The 3rd Edition D&D rules are significantly different from their predecessors, and in many ways the developers of Ruins of Myth Drannor did a decent job of adapting those rules. Large sections of the game's manual, including almost all of the descriptions of skills, feats, and spells, are taken directly from the D&D Players' Handbook, highlighting the faithfulness of the adaptation of those aspects of the game. While some players will bemoan their inability to use simulated dice rolls to generate their characters, the point system used by the game is specifically sanctioned by the D&D Dungeon Master's Guide. Weapon traits, including the new system for calculating the likelihood of landing a critical hit, were accurately imported from the tabletop rules. Spells were adapted particularly faithfully, and the graphical effects attached to some of the spells are easily the single best feature of the game. With a couple of very minor exceptions, instead of inventing their own spells, skills, or feats, the developers stuck exclusively to the core rules.

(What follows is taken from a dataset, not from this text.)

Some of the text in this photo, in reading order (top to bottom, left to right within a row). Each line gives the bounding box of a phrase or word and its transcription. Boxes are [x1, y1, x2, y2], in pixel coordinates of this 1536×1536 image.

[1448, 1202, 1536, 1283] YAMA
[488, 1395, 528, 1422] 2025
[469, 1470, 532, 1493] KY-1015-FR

The game also perfectly adapts the new flexible multiclass rules, which generally let you gain levels in different character classes without having to designate which class you want to advance in until you're ready to gain a level. Character-level advancement is rapid under the 3rd Edition rules, at least relative to the older D&D rules, but because the developers elected to stick with experience point awards that are consistent with the rules, level advancement is ironically slower in Ruins of Myth Drannor than in most RPGs. Characters can reach up to level 16 in any character class, and since that cap is level-based, it can be reached in more than one class, which is more relevant in multiplayer where you can continue to take characters on randomly generated adventures.

D&D 3rd Edition skills and feats aren't well implemented.
D&D 3rd Edition skills and feats aren't well implemented.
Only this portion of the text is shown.